Steve Jorgensen wrote:
What if, instead, there was an OrderedBag class that acts like a list and supports set operations. The advantage of this is that any hidden indexing that is used to optimize the operations could be efficiently created in the object that results from the set operation during its construction while performing the operation. Using lists, any such indexes would have to be produced and discarded for each operation (or could perhaps be kept in weak references or something like that, but that's messy). It seems like it would depend on the memory layout. If the items weren't stored in order then it would most likely suffer from cache misses the same way set operations do. I'm not sure if it would be slower than set operations in that case. Most likely there would be a curve in run time where sets were faster for some small number of items and slower for large collections similar to the list implementation. If you added binary searches it might be faster in the majority of cases but that's a lot of variables. The big question then becomes what criteria does it need to meet and is that quantified? It doesn't seem like that quantification is a consideration of this list. Unless you have a particular itch to scratch that is a lot of work. Adding enough general testing scenarios to satisfy a consensus is probably much much more.

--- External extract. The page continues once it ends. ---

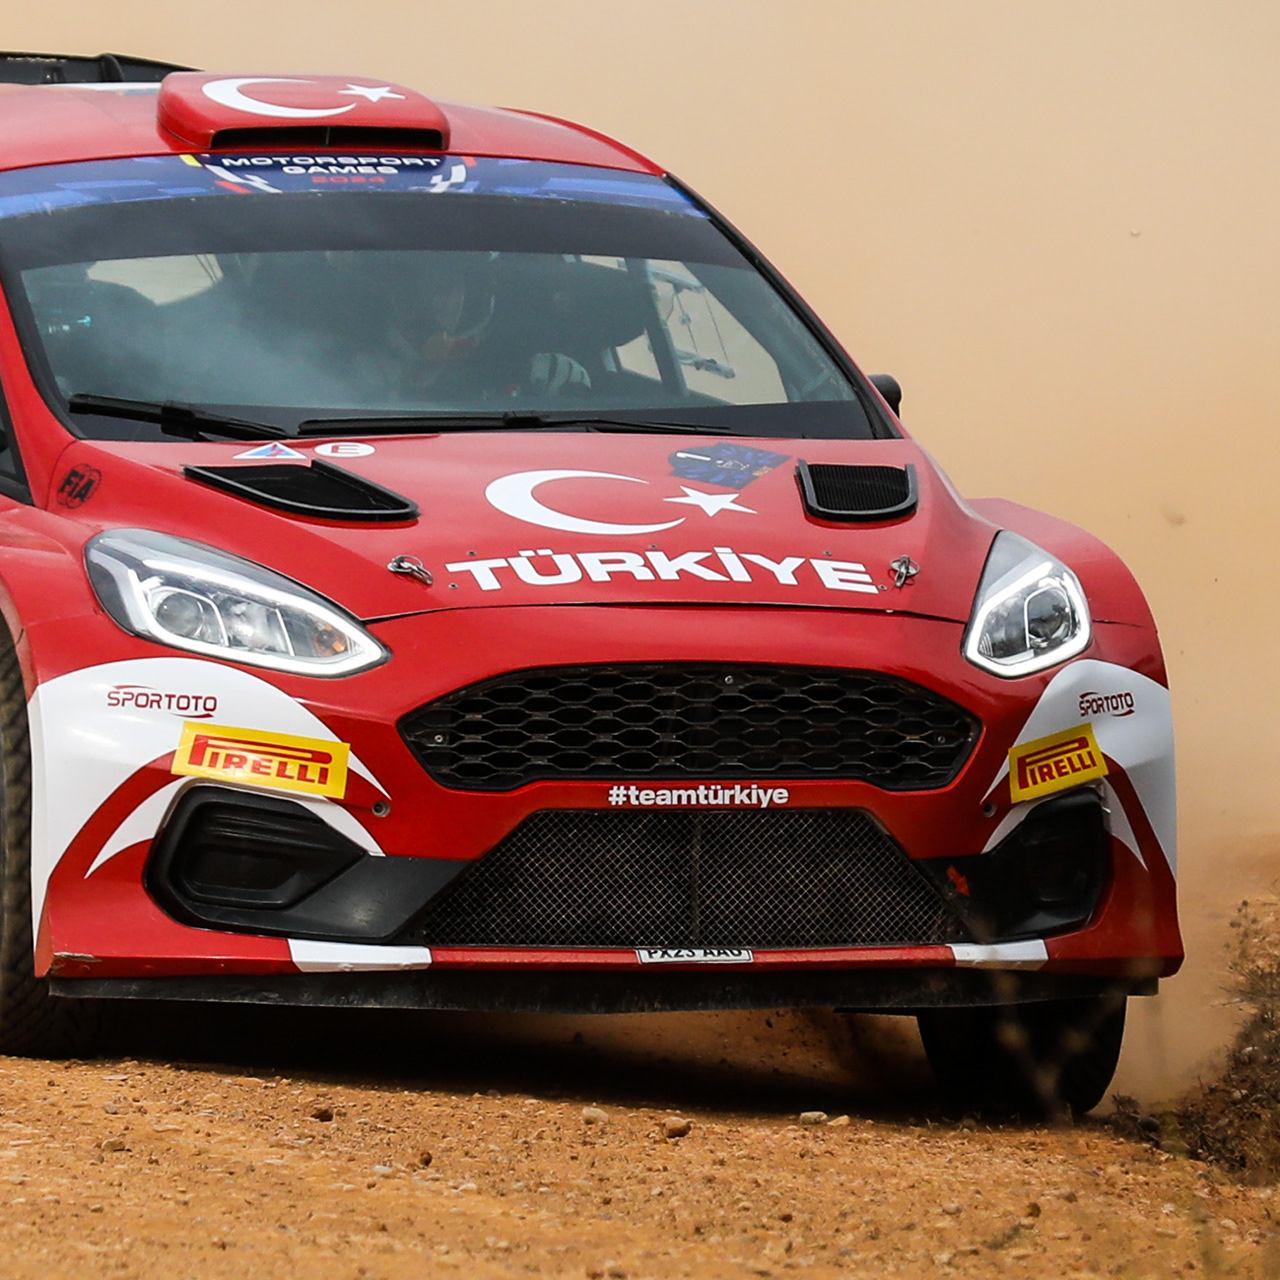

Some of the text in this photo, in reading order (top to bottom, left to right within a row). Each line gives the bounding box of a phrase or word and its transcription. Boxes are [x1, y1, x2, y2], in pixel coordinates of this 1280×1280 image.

Lets look at the test results from earlier for 50 million and 10 million item lists. For A not in B: trying A 1000000, B 5000000 best relcomp_set test time (msec): 82.131 best relcomp_set with set init test time (msec): 880.753 best relcomp_set with set init intersect test time (msec): 886.761 best list_relcomp test time (msec): 7.902 best sort test time (msec): 5.826 For A not in B: trying A 5000000, B 10000000 best relcomp_set test time (msec): 557.368 best relcomp_set with set init test time (msec): 3228.475 best relcomp_set with set init intersect test time (msec): 3725.047 best list_relcomp test time (msec): 25.626 best sort test time (msec): 13.632 Changing the order of set operations based on which set is largest is almost 10x the speed improvement. Should set operations be changed? It's probably faster no matter the order to convert them into lists and use my algorithm after about 10 million. In the end though we are still talking about a few seconds at most. If it worth it to you for that improvement that's one thing, but you should consider what you really need. Without clear performance/use case criteria I think you'll never leave the bike-shed here.